Monday, March 1, 2010

Beauty

Today my friend said something to me. She said "Everyone makes mistakes. But they are still perfect. If that makes sense."
To me, it does make sense. It makes sense in a weird, convoluted way, that I can't describe. It's complicated, an enigma. But I think it's the basic truth in everyone, and the sooner people realize that, the sooner the world will be a better place.

The thing about me is that I want to be beautiful. Not necessarily in the attractive, physical way, but I want there to be something beautiful about me. Everyone, it seems, is beautiful sometimes, even the girl who no one likes. For instance, there's this girl I know, who I'm not exactly friends with, but I try to not shun her outright and I speak to her sometimes. She's not the most attractive girl in the world, and she's not the lightest, but she loves singing. And when she starts to sing, you can tell that she loves it. It's written all over her face and seeps into your consciousness. She might not sing especially well (in my view of course), but she can sing. And she is beautiful when she sings. If she walked around singing all the time, she would have had so many boyfriends by now she wouldn't be able to keep track.

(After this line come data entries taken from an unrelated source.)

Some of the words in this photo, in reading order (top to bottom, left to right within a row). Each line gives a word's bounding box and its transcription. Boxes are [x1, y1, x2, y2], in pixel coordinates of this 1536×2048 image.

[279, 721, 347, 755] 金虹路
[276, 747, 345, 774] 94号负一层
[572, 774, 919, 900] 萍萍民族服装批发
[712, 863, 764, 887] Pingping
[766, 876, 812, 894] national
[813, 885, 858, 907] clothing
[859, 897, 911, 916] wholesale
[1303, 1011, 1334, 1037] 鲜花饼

I love singing too, but I don't think I'm beautiful when I sing. I don't know, it's hard to explain, but I want there to be some aspect of beauty in my life. Maybe my writing's beautiful, and that makes people look at me in a new light, or maybe when I laugh (such a cliche, but I can't help it) my whole face changes or something.

My writing isn't particularly beautiful, and my laugh is somewhat harsh, but I know there's one time when I look beautiful. I just need to find it.

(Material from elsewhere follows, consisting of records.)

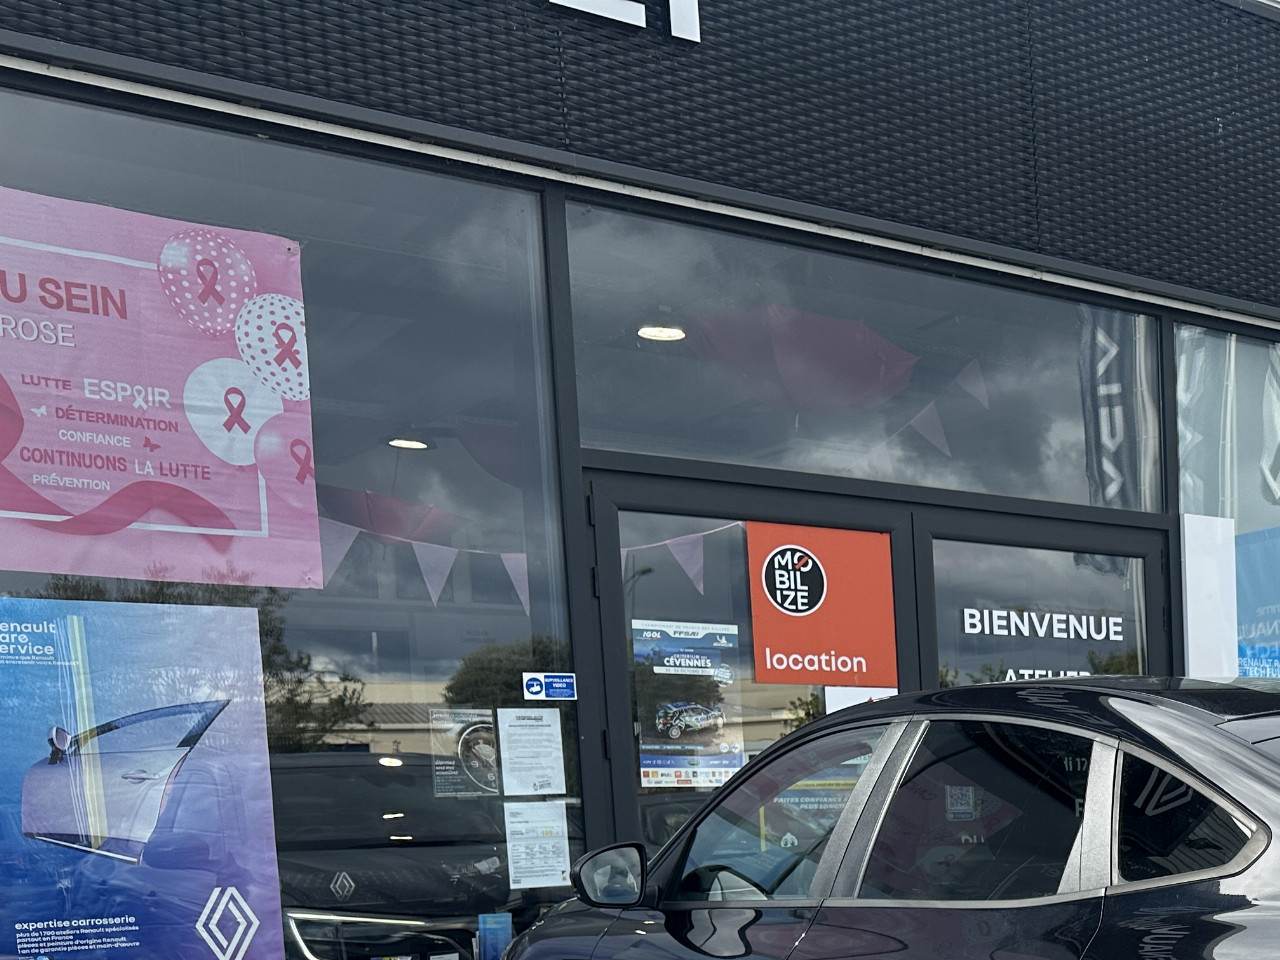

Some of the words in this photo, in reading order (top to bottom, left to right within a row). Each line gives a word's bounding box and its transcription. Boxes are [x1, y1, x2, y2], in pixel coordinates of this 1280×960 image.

[38, 277, 128, 320] SEIN
[0, 313, 76, 348] ROSE
[21, 373, 72, 391] LUTTE
[55, 405, 179, 433] DÉTERMINATION
[58, 429, 131, 448] CONFIANCE
[19, 446, 127, 473] CONTINUONS
[134, 458, 154, 476] LA
[159, 461, 211, 481] LUTTE
[32, 473, 110, 492] PRÉVENTION
[963, 607, 1124, 642] BIENVENUE
[664, 656, 711, 667] CÉVENNES
[765, 647, 867, 674] location
[15, 919, 70, 931] expertise
[72, 915, 136, 927] carrosserie
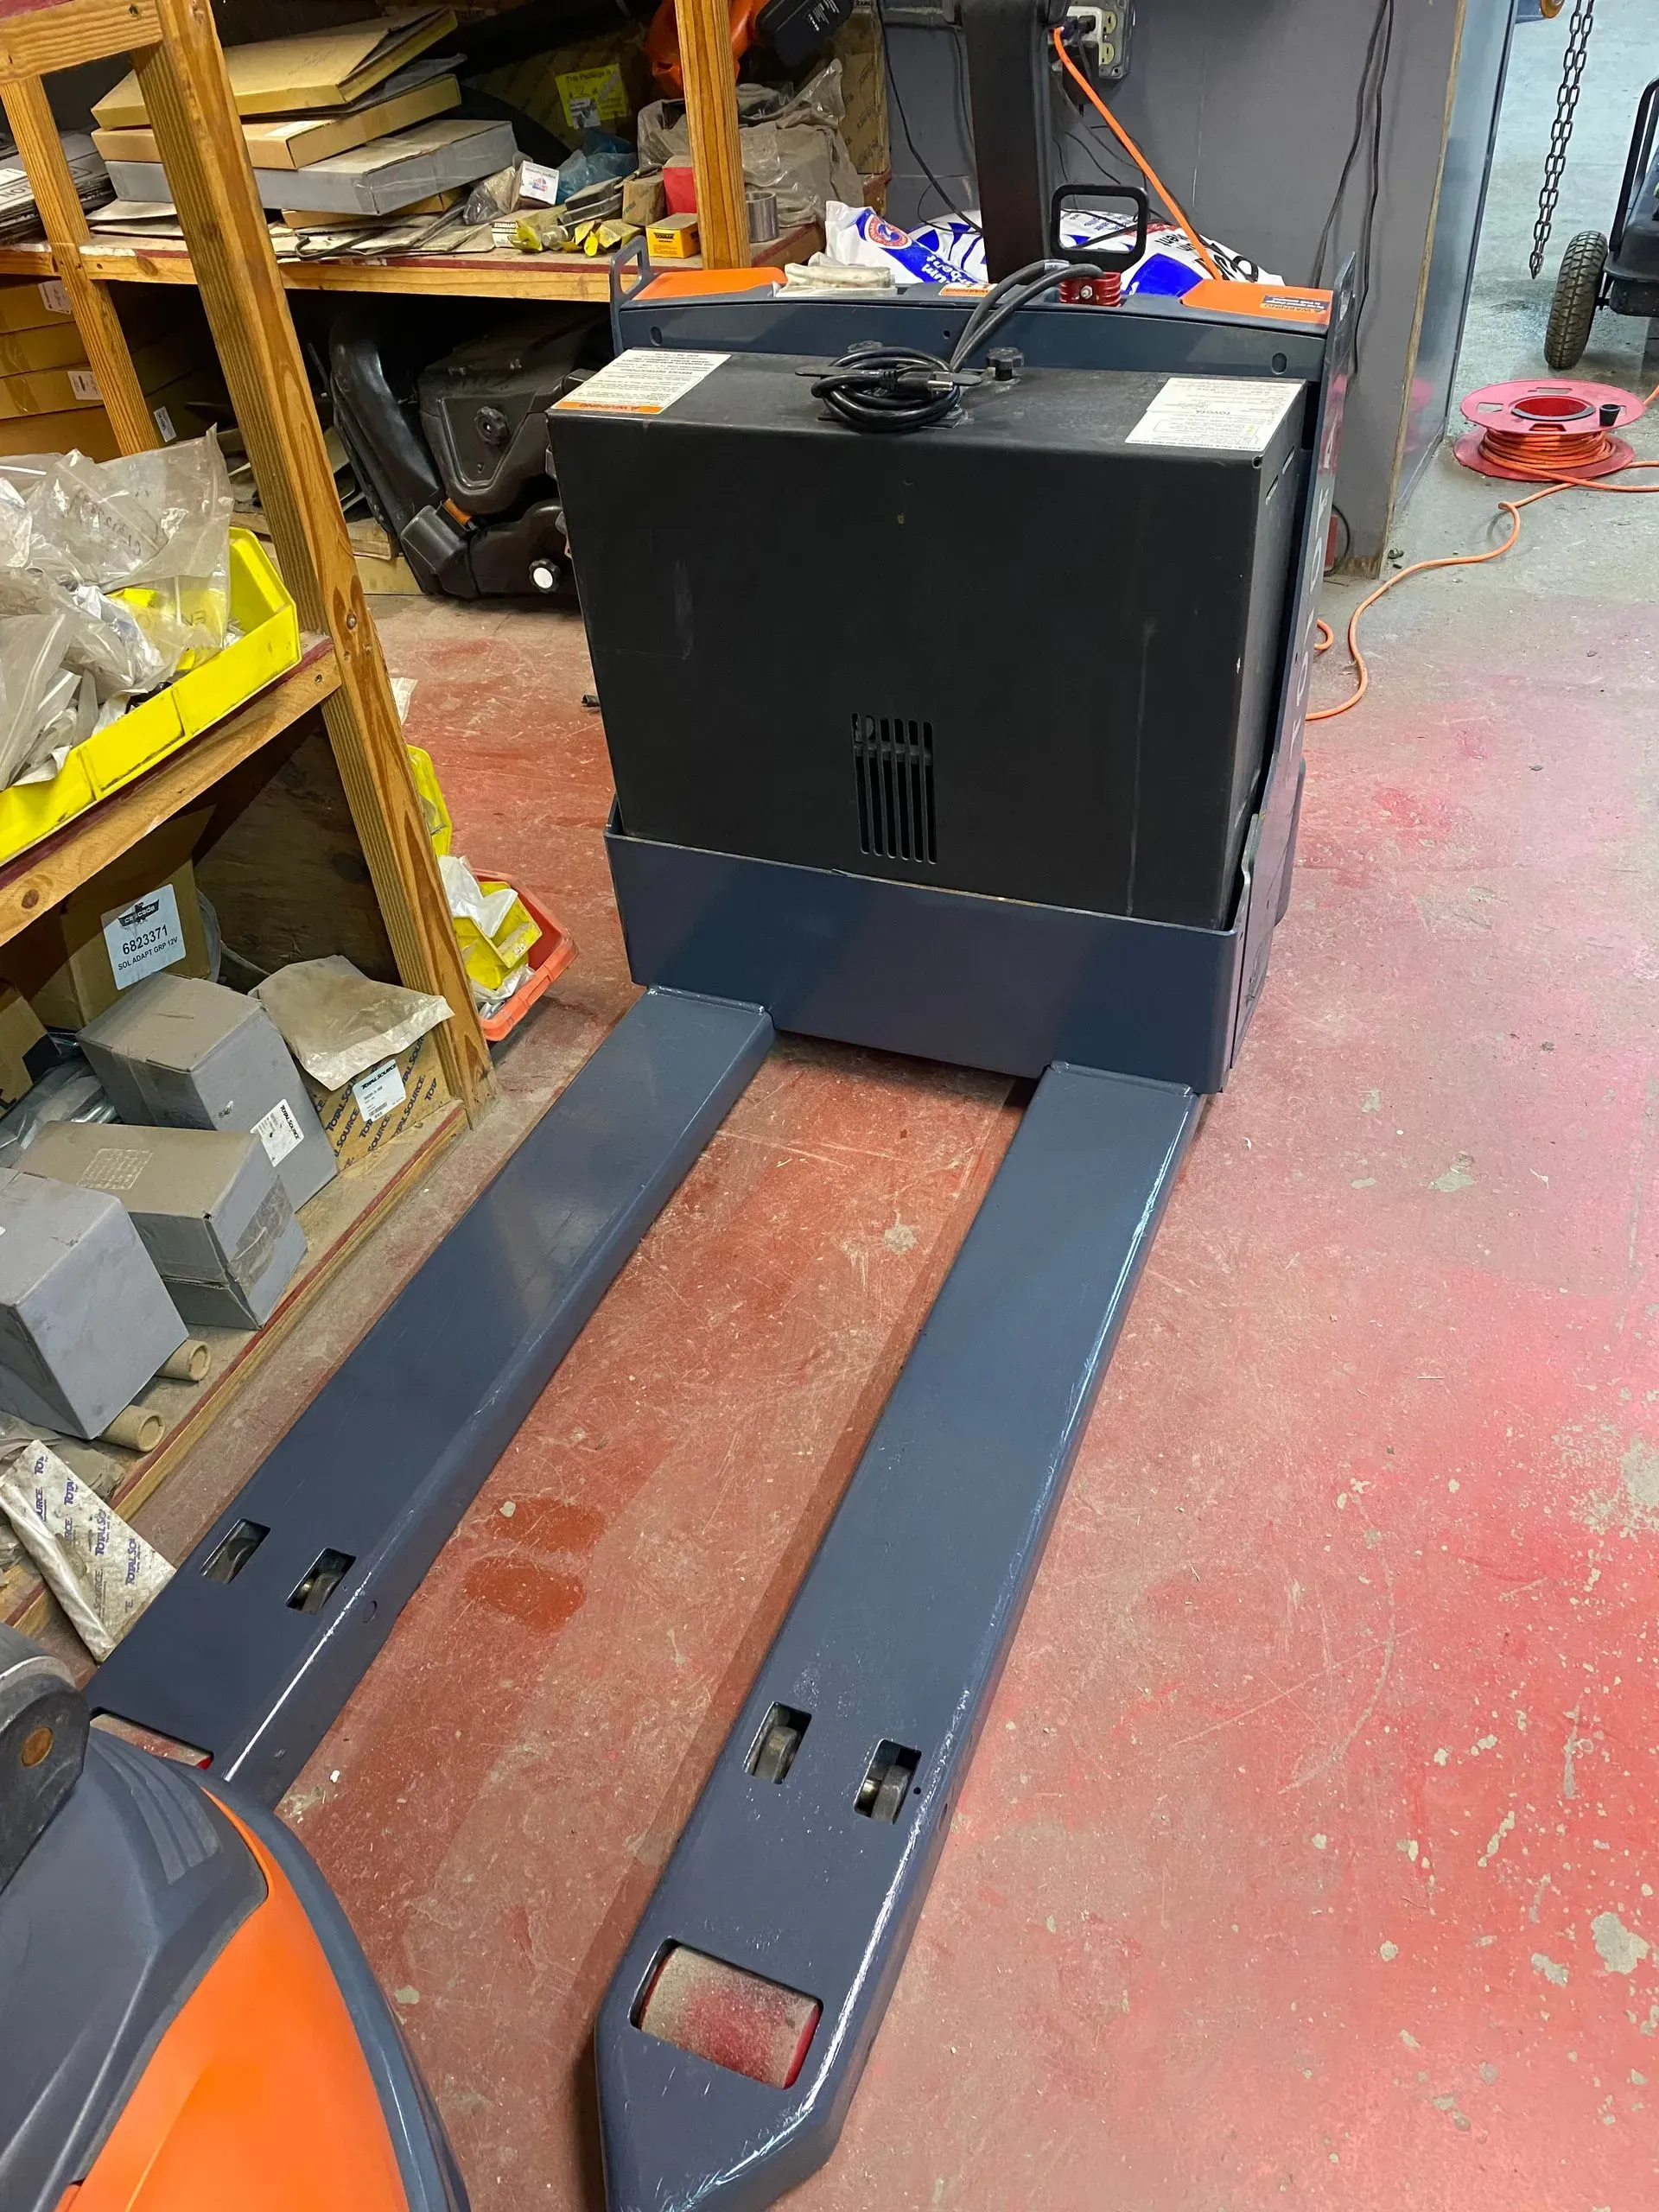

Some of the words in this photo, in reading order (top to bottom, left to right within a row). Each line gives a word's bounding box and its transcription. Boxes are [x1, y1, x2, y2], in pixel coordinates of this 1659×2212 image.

[118, 960, 132, 970] SOL
[132, 949, 153, 963] ADAPT
[153, 942, 167, 953] GRP
[167, 936, 178, 946] 12V
[122, 925, 168, 955] 6823371
[325, 1103, 346, 1132] TOTAL
[95, 1527, 105, 1555] TOTAL
[125, 1554, 137, 1586] TOTAL

If everyone could find out when they look beautiful, then they could think back to that moment whenever they're feeling ugly or down or depressed, and be lifted up.

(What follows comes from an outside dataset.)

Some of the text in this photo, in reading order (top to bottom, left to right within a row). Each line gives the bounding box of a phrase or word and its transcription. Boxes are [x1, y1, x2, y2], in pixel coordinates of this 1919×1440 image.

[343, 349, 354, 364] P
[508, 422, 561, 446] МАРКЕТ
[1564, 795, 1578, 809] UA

Beauty is everywhere. We just need to find it.

It's in that twisted, gnarled tree over by the pond that's frozen over in the winter. The trunk is black and scarred, but that's just a testament to how long it's lived, and how many adversities it's faced.

It's in that kid who never talks when they smile, when people get to see a slice of what they might be like if anyone ever bothered to find out.

It's in the summer breeze, cooling you after you've run for a long time. You might be sweaty, and you might be panting, but that breeze makes you feel refreshed. Because of the beauty in it.

The problem with people, especially busy, driven ones, is that we're all too caught up in our social life. Not just talking with friends, because friends are important, but our relationships with other people, and other things. Things such as computers, and televisions. You might not realize it at first, but these things practically control our lives (or at least most teenagers). Think about it. When was the last time you went outside and watched the sunset? When was the last time you ran around in a field, or just took a walk somewhere? I'm not suggesting we do these things in winter, because winter is a horrible season and it's way too cold outside to go walk around or run in a field. But...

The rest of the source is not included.